Sometimes we get so excited about being abroad, we forget that we are there to study. When deciding where you will go to study abroad, it’s important to consider the academic structures of the universities you are considering. Often, they are quite different to the U.S. model you might be used to. I spent a semester at the University of Edinburgh in Scotland, and I’ve gained some insights into the workings of UK universities.

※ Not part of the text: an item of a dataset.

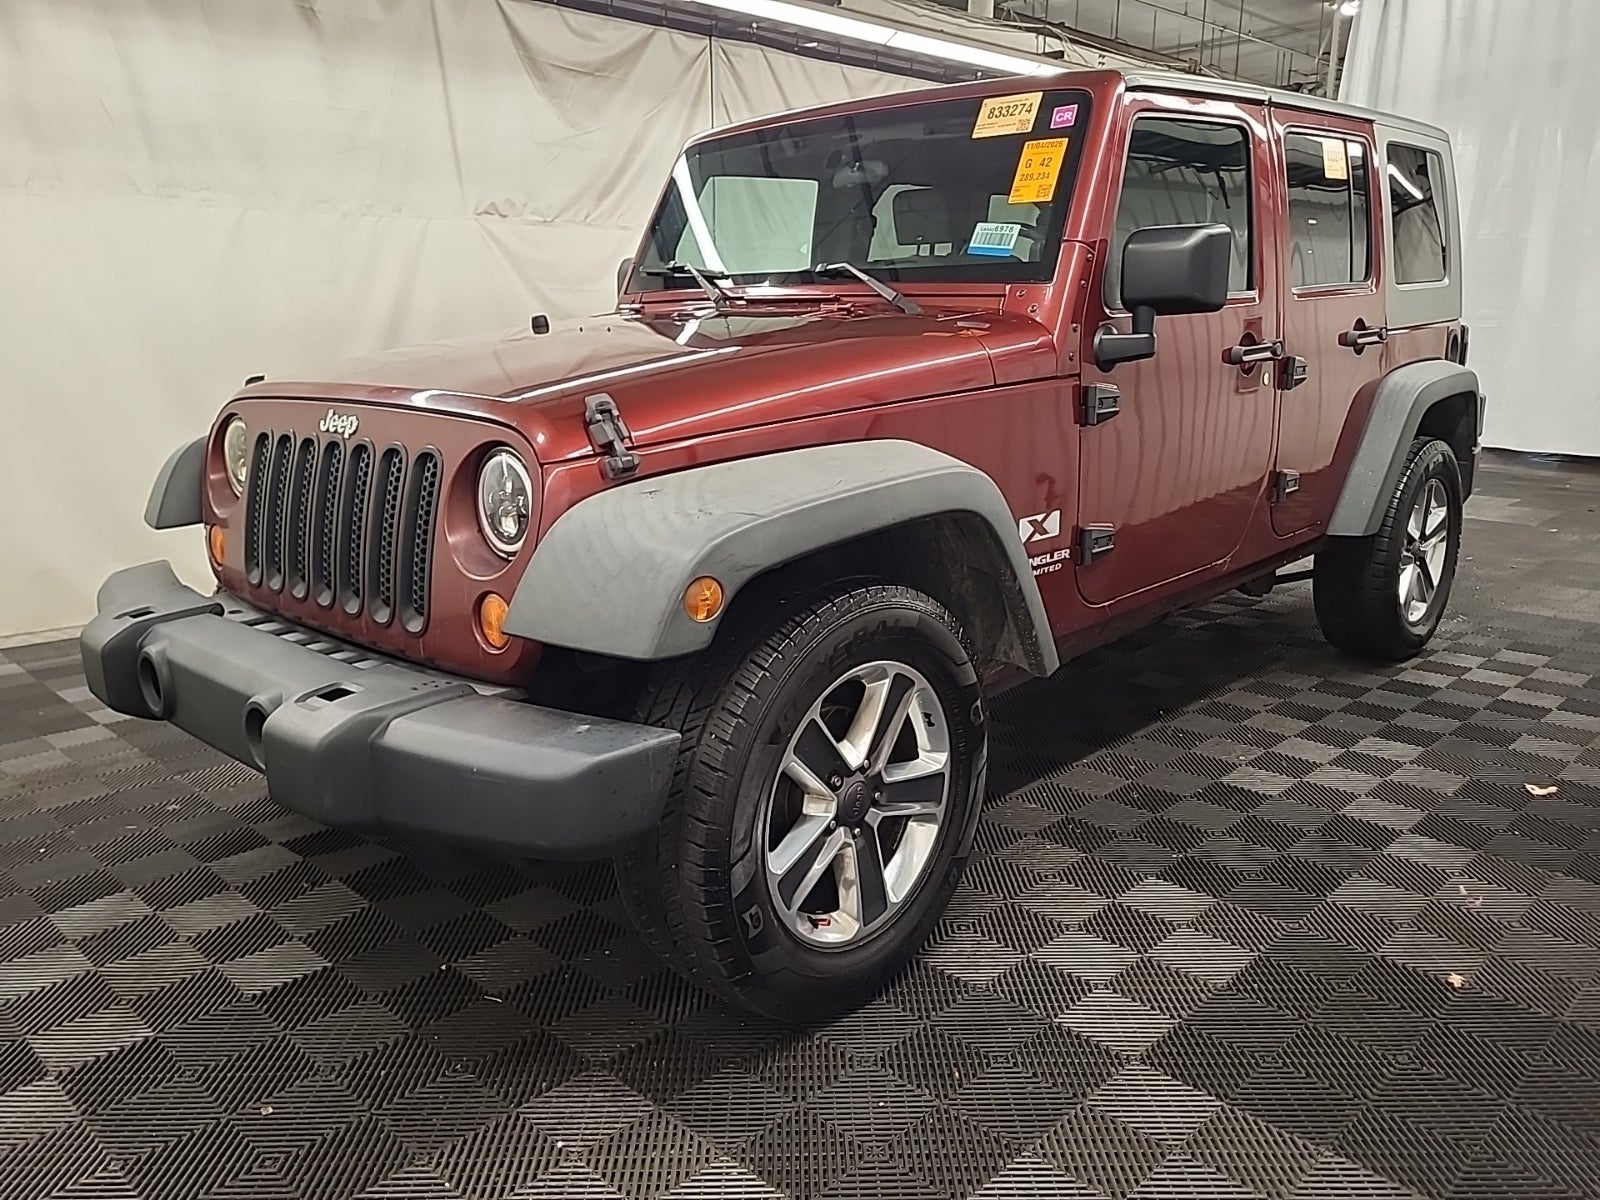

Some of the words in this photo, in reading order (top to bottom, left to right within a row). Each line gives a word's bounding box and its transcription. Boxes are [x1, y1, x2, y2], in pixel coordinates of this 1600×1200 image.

The first thing to note about universities in the UK is that the learning style is much more independent than universities in the US. In my experience, most lectures only have one section rather than several, and tend to be larger. Because of this, there is very little interaction between professor and student. For some classes you will have a tutorial, which is a small group that meets once a week to go over the material covered in the lectures. This is your chance to get personalized help, as your tutor will be working with less students and is there to answer any questions you have about the material. Overall, it is expected that the student be self-motivated and independent. You won’t have much, if any, coursework to help guide your learning and provide a gauge on your progress. Instead, you will have to study the course materials throughout the semester with one final exam in mind.

The second major difference between UK and US universities is the grading structure. Most classes I have taken in the US have had graded homework or attendance to boost your final grade. At the very least, my courses have had 3-4 exams/papers/projects, so your final grade is comprised of several assessments. For my courses in the UK, my final grades were determined by one exam in each class. So, there is a lot of responsibility to keep up with the course materials all semester, even without periodic assignments to hold you accountable. Additionally, students in the UK take fewer classes, usually just 3 or 4 a semester. The courses tend to be more intense, detailed, and content heavy because students are taking just a few of them.

I really enjoyed my time at the University of Edinburgh, but learning how to navigate the academics in a UK university was a major learning curve. It takes a little bit to adjust to the independent learning style, and it can be stressful to have your entire grade depend on one final exam. You should definitely take these factors into consideration when making study abroad choices, but remember that you can handle different academic loads with a bit of persistence.